Drug Delivery and Biomedical Applications of Porous Silicon-Based Nanocarriers
See the new book, edited by Rajendra Awasthi, Santosh Kumar Singh, Anurag Kumar Singh. This book introduces the fundamentals and beneficial properties of porous silicon, including thermal properties and stabilization, photochemical and nonthermal chemical modification, protein modification, and biocompatibility.

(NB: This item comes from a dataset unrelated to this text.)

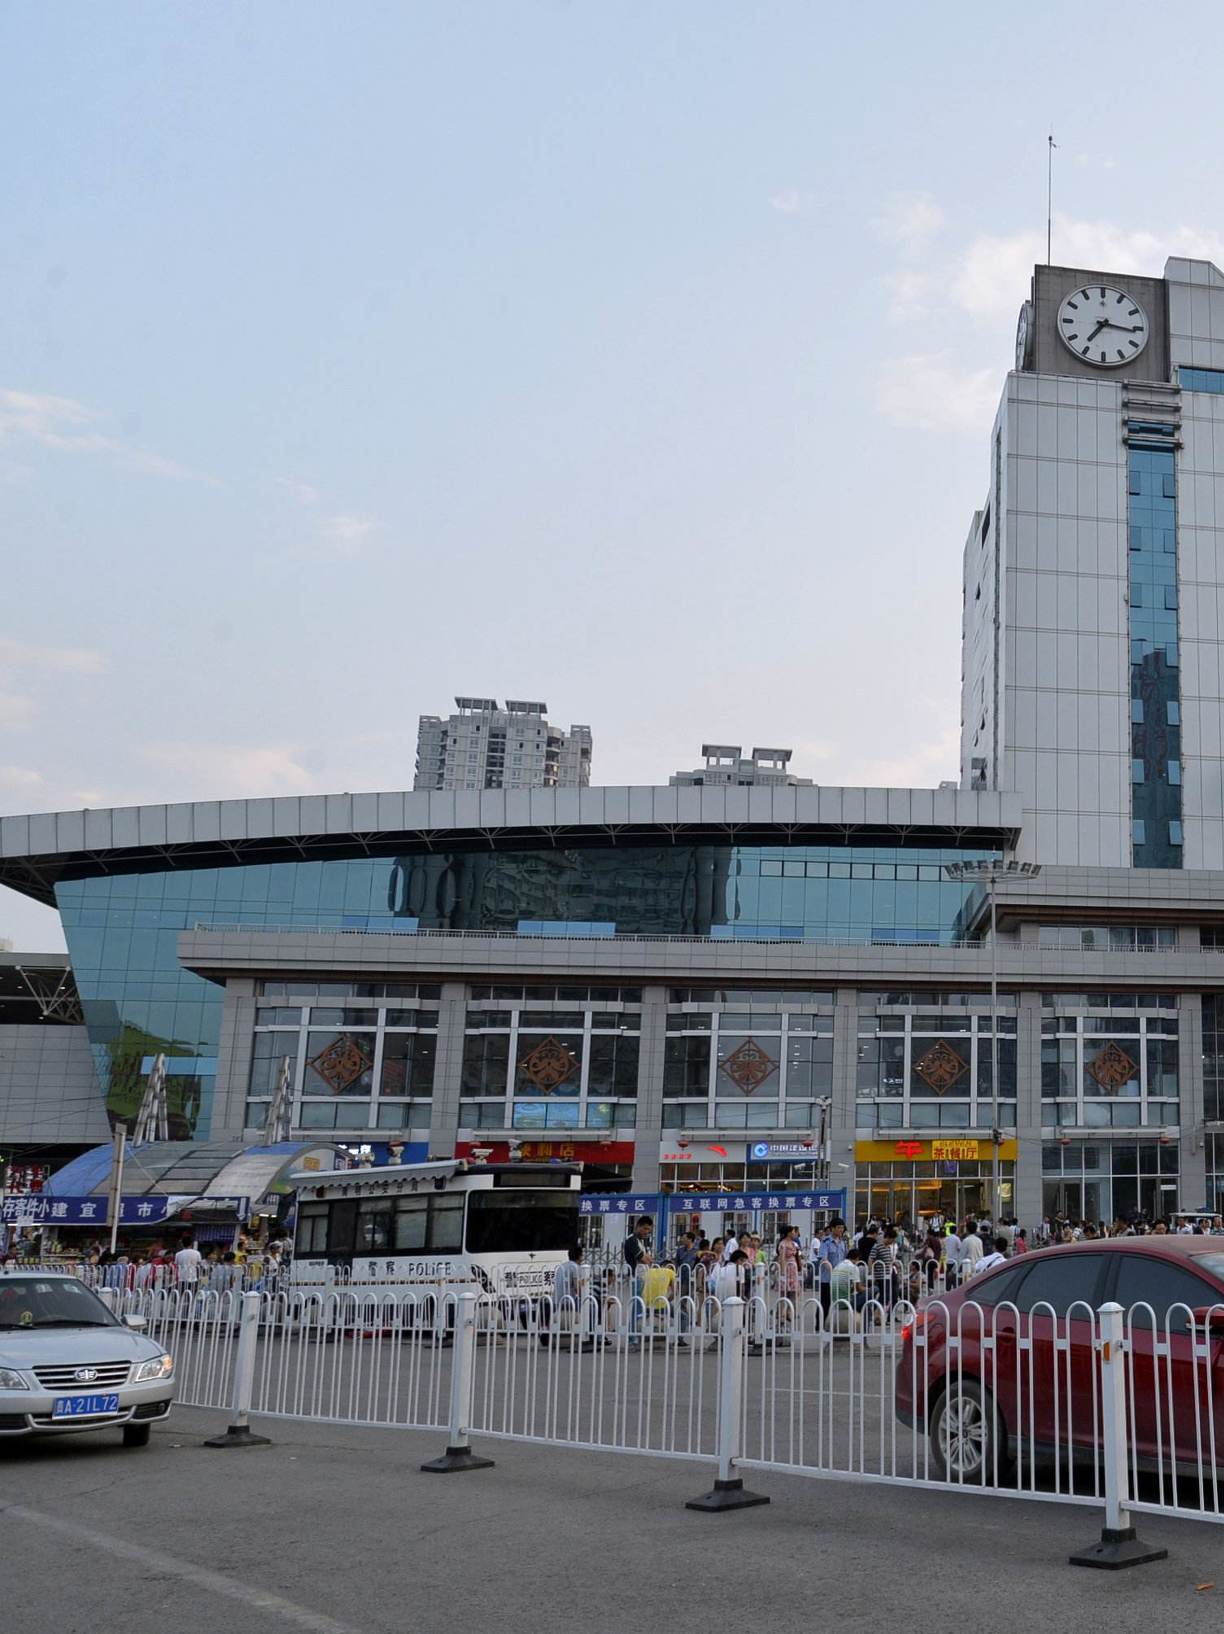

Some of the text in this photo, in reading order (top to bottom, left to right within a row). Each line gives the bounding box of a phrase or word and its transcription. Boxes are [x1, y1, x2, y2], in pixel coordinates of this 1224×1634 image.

[581, 1199, 646, 1213] 换票专区
[682, 1195, 830, 1211] 互联网急客换票专区
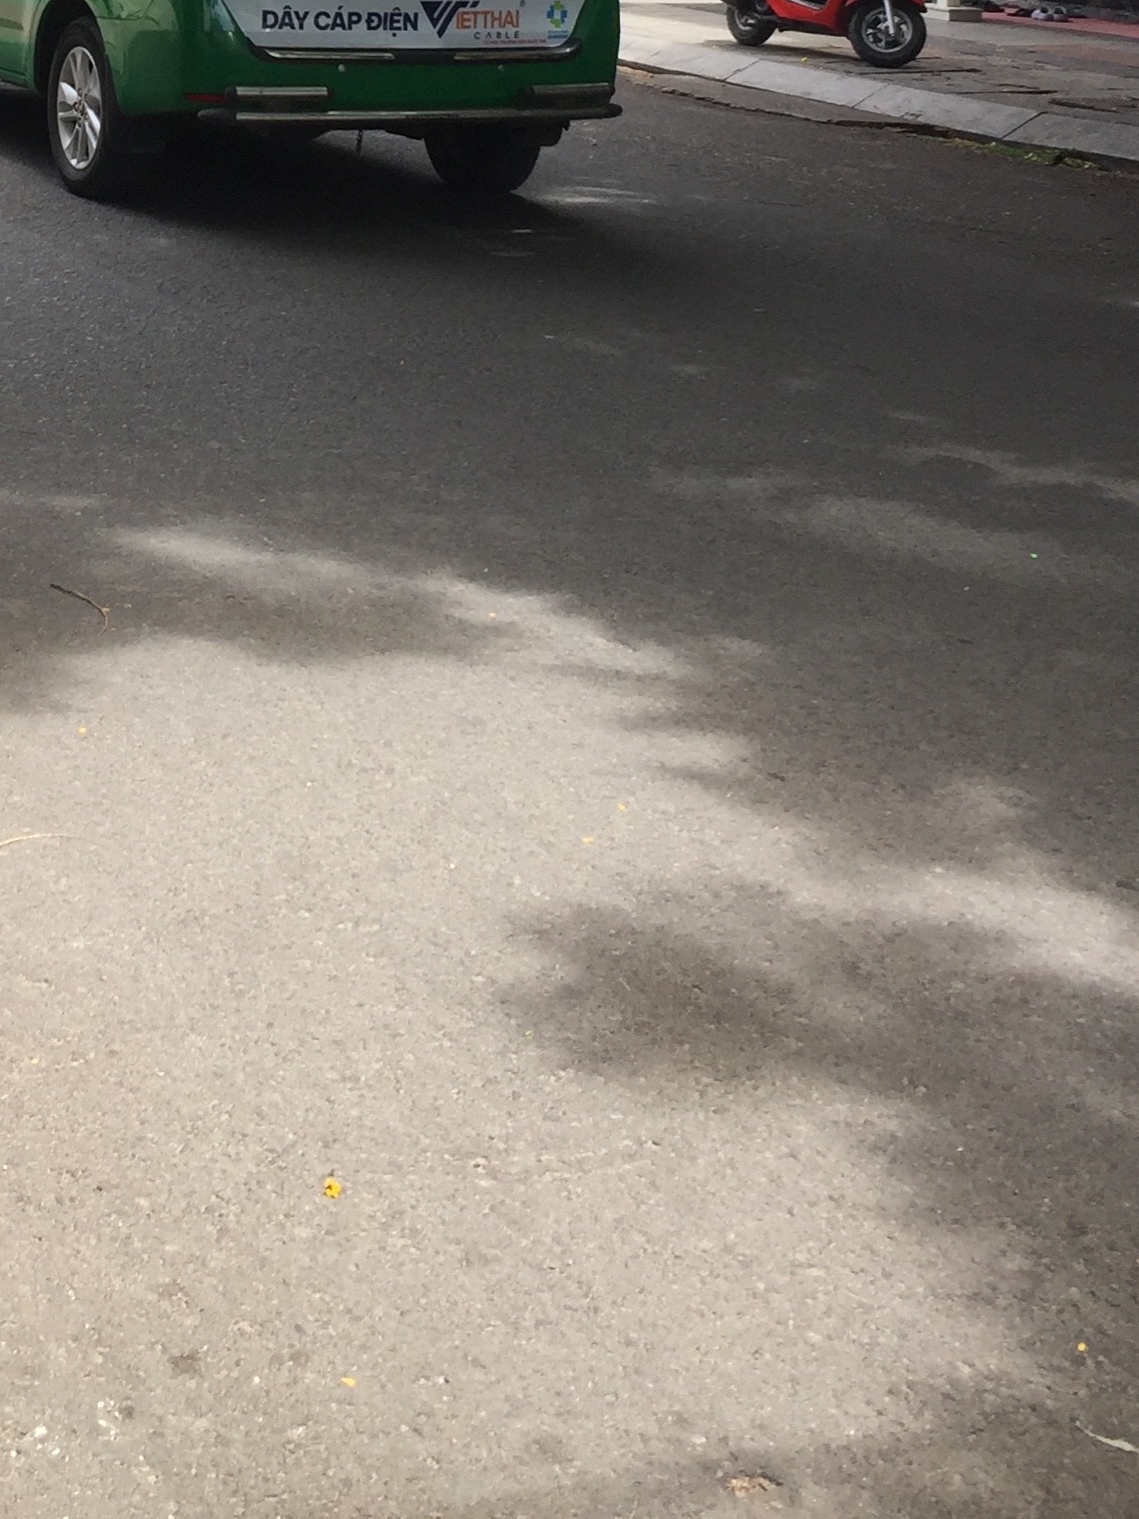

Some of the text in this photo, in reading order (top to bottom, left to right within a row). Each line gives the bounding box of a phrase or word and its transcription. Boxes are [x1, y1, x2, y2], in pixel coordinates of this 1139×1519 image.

Description: Drug Delivery and Biomedical Applications of Porous Silicon-Based Nanocarriers delivers an up-to-date and complete overview of the range of biomedical applications for porous silicon nanomaterials, with a special emphasis on drug delivery. This book introduces the fundamentals and beneficial properties of porous silicon, including thermal properties and stabilization, photochemical and nonthermal chemical modification, protein modification, and biocompatibility. The book then builds on the systematic detailing of each biomedical application using porous silicon, such as vaccine development, drug delivery, and tissue engineering. It also contains new insights on in-vivo assessment of porous silicon, photodynamic and photothermal therapy, micro- and nanoneedles, cancer immunotherapy, and more. Drug Delivery and Biomedical Applications of Porous Silicon-Based Nanocarriers is of interest to researchers in the fields of materials science, nanotechnology, pharmaceutical science, biomedical engineering, and cancer research.
Chapter 4
Mesoporous silicon for solubility enhancement of drugs
Quite recently, development of more intricate drug compounds, aiming for stronger binding to their intended targets has become prevalent in the field of pharmacy. However, these potent drugs often face challenges due to their limited ability to dissolve in water. Apparently, addressing the issue of poorly water solubility of drugs has become a massive concern in drug formulation. Thus a huge chunk of marketed drugs (approximately 40%) and drug candidates (90%) fall into this category. So, various strategies are being developed to mitigate poor water solubility and lowered dissolution rates in water, each with its drawbacks and constraints. To overcome these constraints, researchers have proposed utilizing mesoporous silica materials (MSMs) as matrices to enhance the drug solubility and dissolution rate of. MSMs are well-suited for this purpose due to silica being classified as a GRAS acceptance material, biodegradability, and its potential for surface modifications to optimize drug loading, and consequent release. The primary advantage of employing MSMs as drug systems for poorly water-soluble drugs lies in their pore size, pore structure, and flexibility to modify surface properties. These modifications can enhance the interaction between a drug candidate and the MSM carrier by altering the surface of pores. Moreover, the drug of interest is often loaded into these pores in a preferred amorphous state, significantly improving its dissolution properties. However, to implement this technology, the alteration of physiochemical properties of MSMs modifications, drug loading and dissolution of poorly water-soluble drugs is necessary to be identified. It helps to enhance the utilization of MSMs as an alternative strategy to common methods, including cyclodextrins, micronization, or microemulsion techniques.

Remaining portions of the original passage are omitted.